• EXERCISE DIRECTIONS: Once the pictures are set aside, copy the data below exactly as it stands.

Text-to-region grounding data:
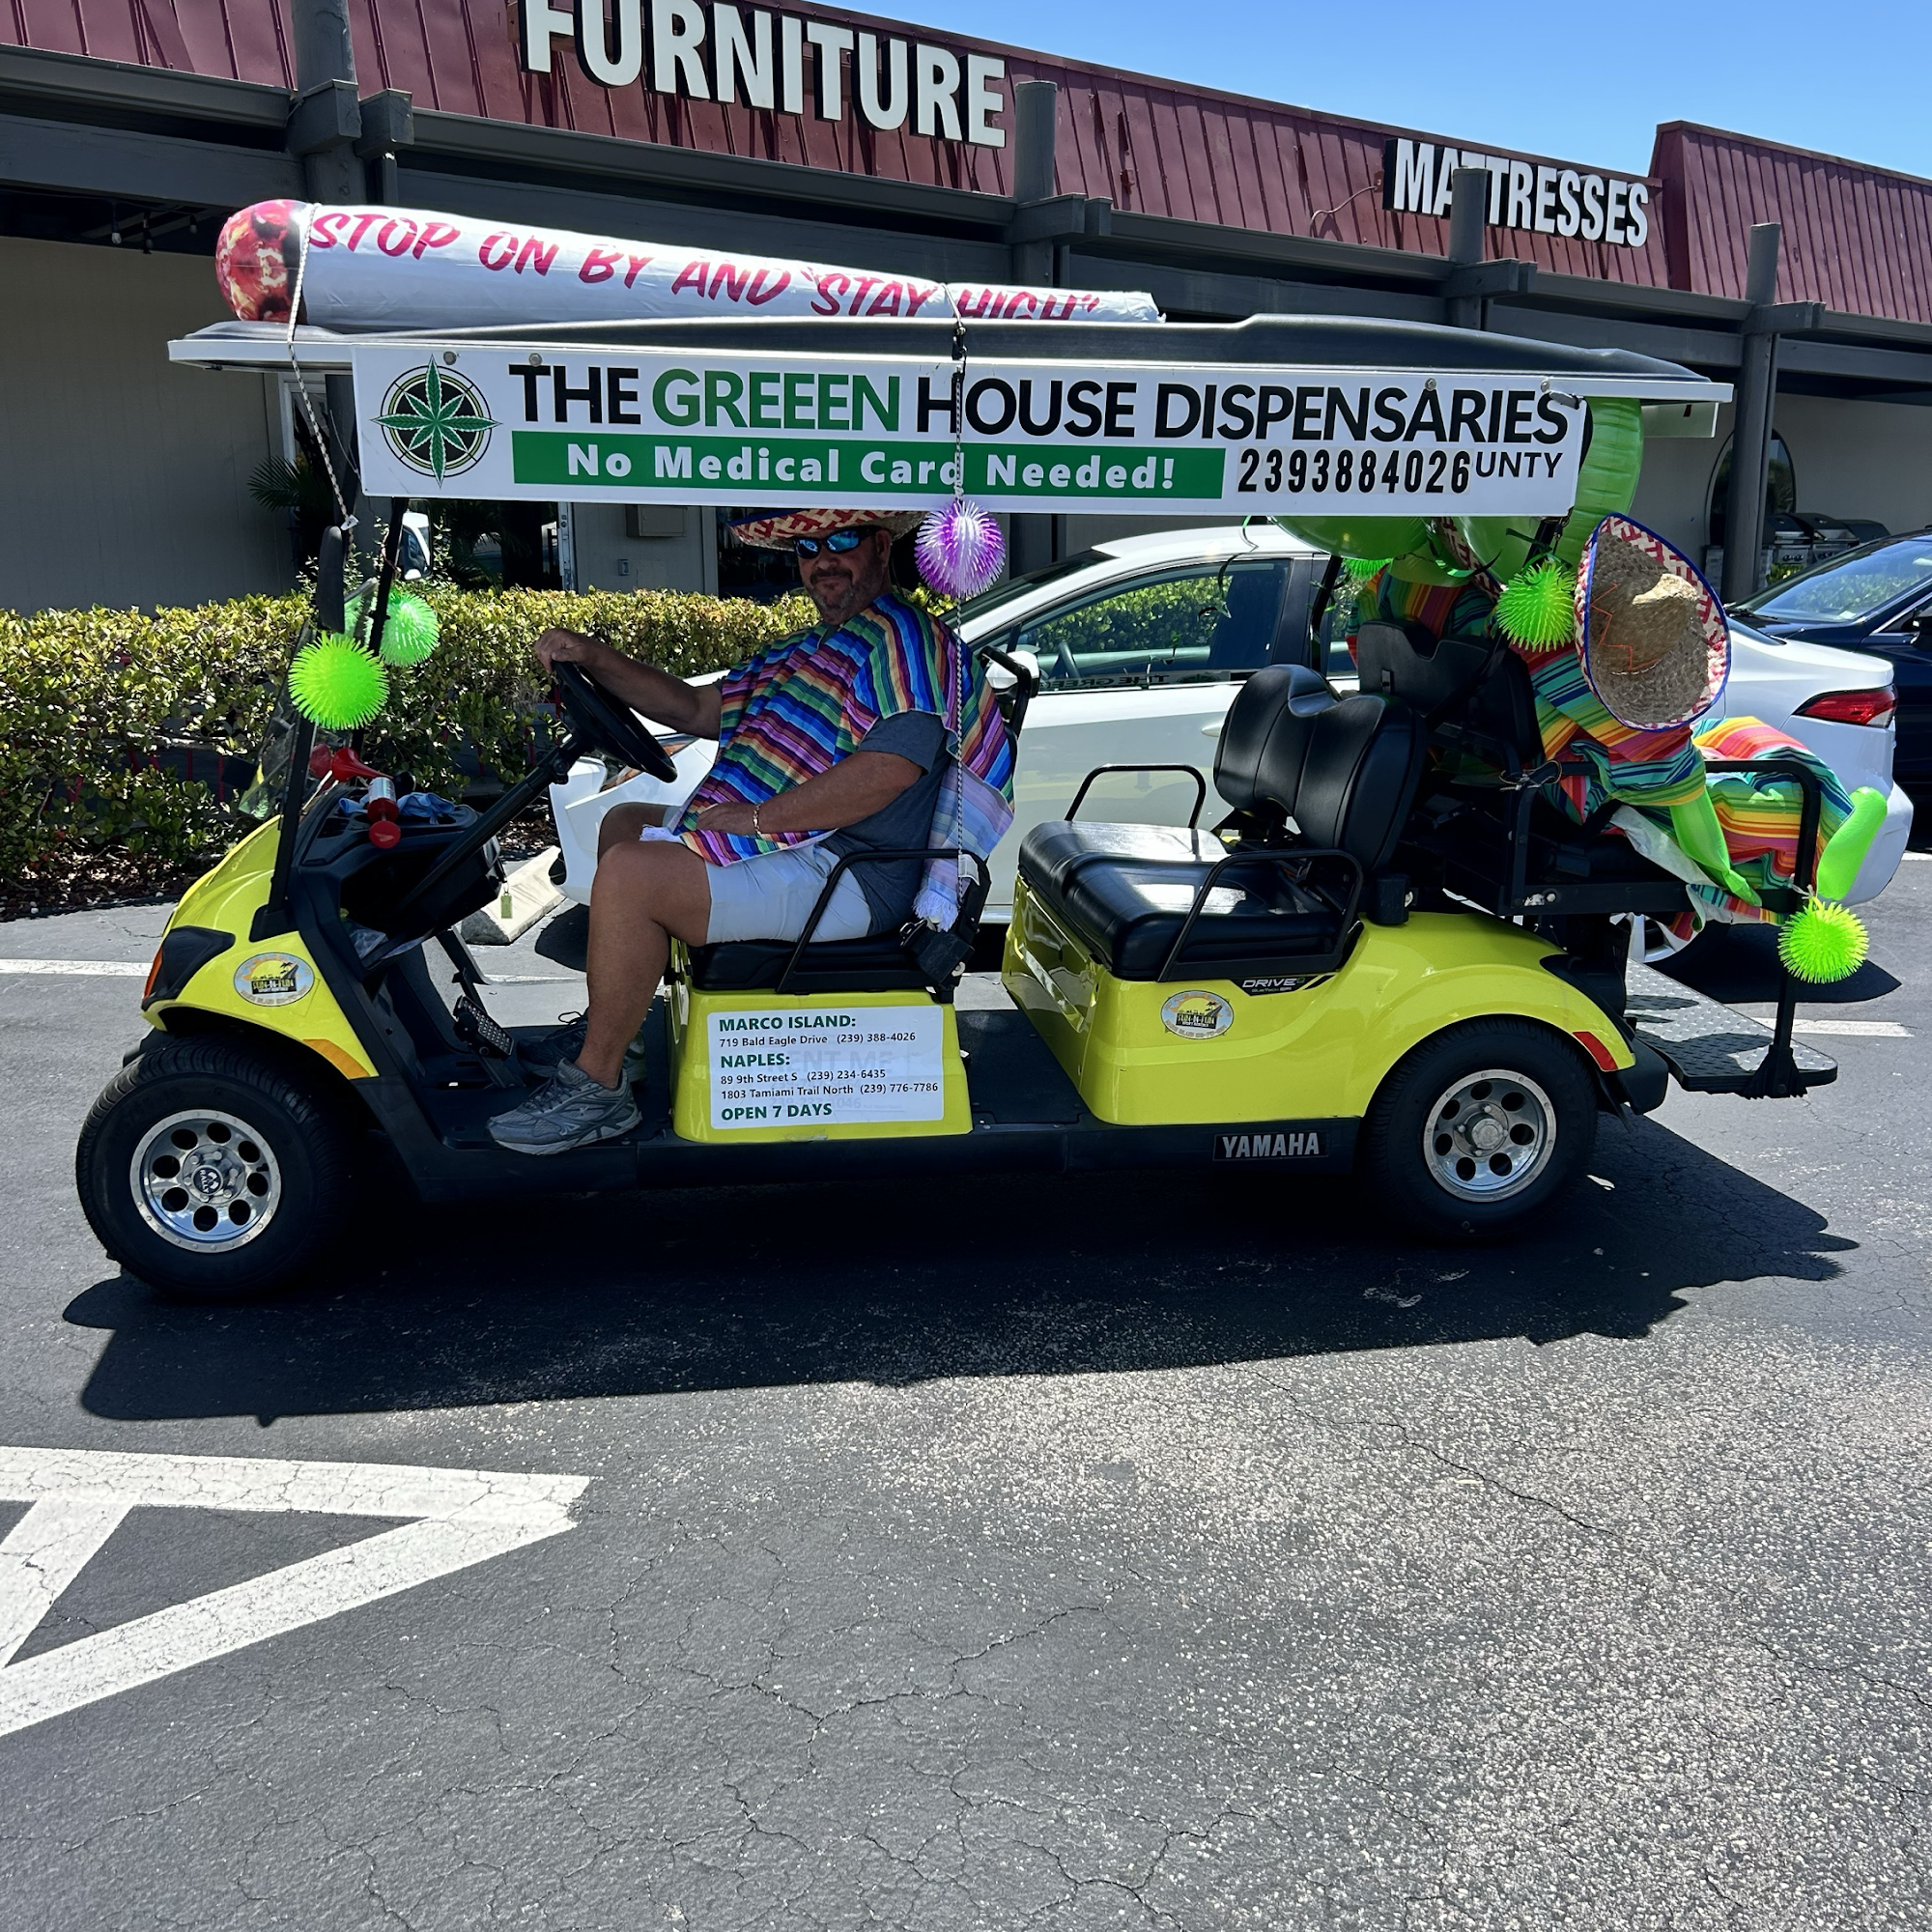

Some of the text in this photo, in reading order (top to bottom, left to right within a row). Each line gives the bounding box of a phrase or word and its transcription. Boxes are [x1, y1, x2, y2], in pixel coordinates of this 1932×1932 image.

[525, 0, 1007, 148] FURNITURE
[309, 213, 461, 260] STOP
[478, 231, 559, 276] ON
[578, 244, 654, 289] BY
[671, 259, 791, 306] AND
[509, 364, 1568, 444] THE GREEEN HOUSE DISPENSARIES
[567, 443, 1175, 490] No Medical Card Needed!
[1237, 448, 1471, 494] 2393884026
[719, 1015, 856, 1032] MARCO ISLAND:
[720, 1032, 916, 1047] 719 Bald Eagle Drive (239) 388-4026
[721, 1053, 790, 1067] NAPLES:
[721, 1069, 886, 1085] 89 9th Street S (239) 234-6435
[722, 1090, 746, 1099] 1803
[750, 1087, 794, 1097] Tamiami
[797, 1086, 819, 1095] Trail
[823, 1085, 854, 1094] North
[860, 1084, 887, 1094] (239)
[890, 1083, 938, 1093] 776-7786
[722, 1103, 833, 1121] OPEN 7 DAYS
[1222, 1132, 1320, 1158] YAMAHA
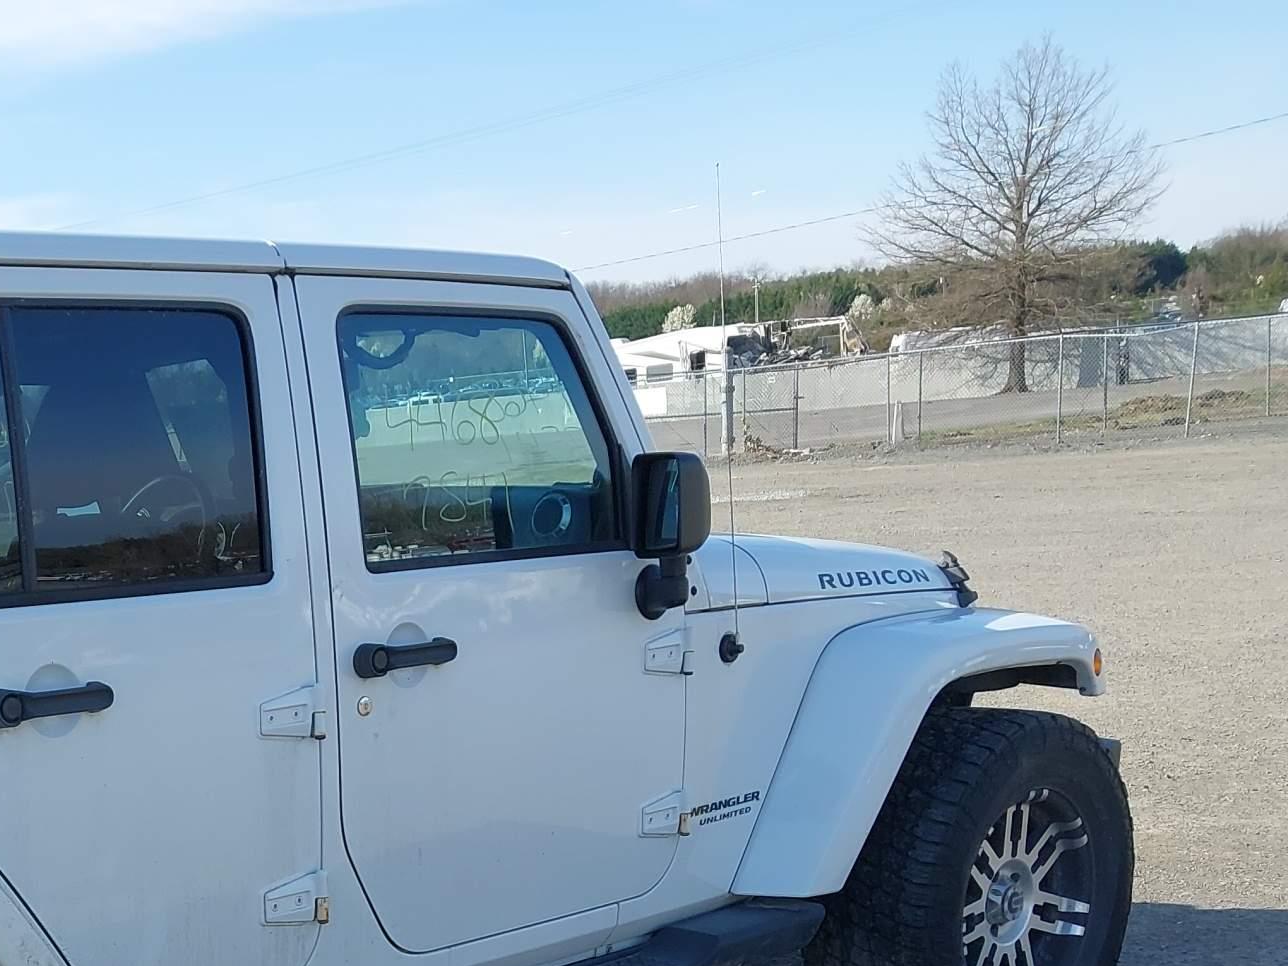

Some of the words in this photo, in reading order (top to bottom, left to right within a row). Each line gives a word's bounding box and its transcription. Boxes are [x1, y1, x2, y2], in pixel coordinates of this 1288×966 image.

[817, 569, 930, 589] RUBICON
[690, 791, 760, 817] WRANGLER
[699, 807, 751, 826] UNLIMITED

• RESULT OF THIS EXERCISE:
Some of the text in this photo, in reading order (top to bottom, left to right within a row). Each line gives the bounding box of a phrase or word and its transcription. Boxes are [x1, y1, x2, y2], in pixel coordinates of this 1932×1932 image.

[525, 0, 1007, 148] FURNITURE
[309, 213, 461, 260] STOP
[478, 231, 559, 276] ON
[578, 244, 654, 289] BY
[671, 259, 791, 306] AND
[509, 364, 1568, 444] THE GREEEN HOUSE DISPENSARIES
[567, 443, 1175, 490] No Medical Card Needed!
[1237, 448, 1471, 494] 2393884026
[719, 1015, 856, 1032] MARCO ISLAND:
[720, 1032, 916, 1047] 719 Bald Eagle Drive (239) 388-4026
[721, 1053, 790, 1067] NAPLES:
[721, 1069, 886, 1085] 89 9th Street S (239) 234-6435
[722, 1090, 746, 1099] 1803
[750, 1087, 794, 1097] Tamiami
[797, 1086, 819, 1095] Trail
[823, 1085, 854, 1094] North
[860, 1084, 887, 1094] (239)
[890, 1083, 938, 1093] 776-7786
[722, 1103, 833, 1121] OPEN 7 DAYS
[1222, 1132, 1320, 1158] YAMAHA

Some of the words in this photo, in reading order (top to bottom, left to right within a row). Each line gives a word's bounding box and its transcription. Boxes are [x1, y1, x2, y2], in pixel coordinates of this 1288×966 image.

[817, 569, 930, 589] RUBICON
[690, 791, 760, 817] WRANGLER
[699, 807, 751, 826] UNLIMITED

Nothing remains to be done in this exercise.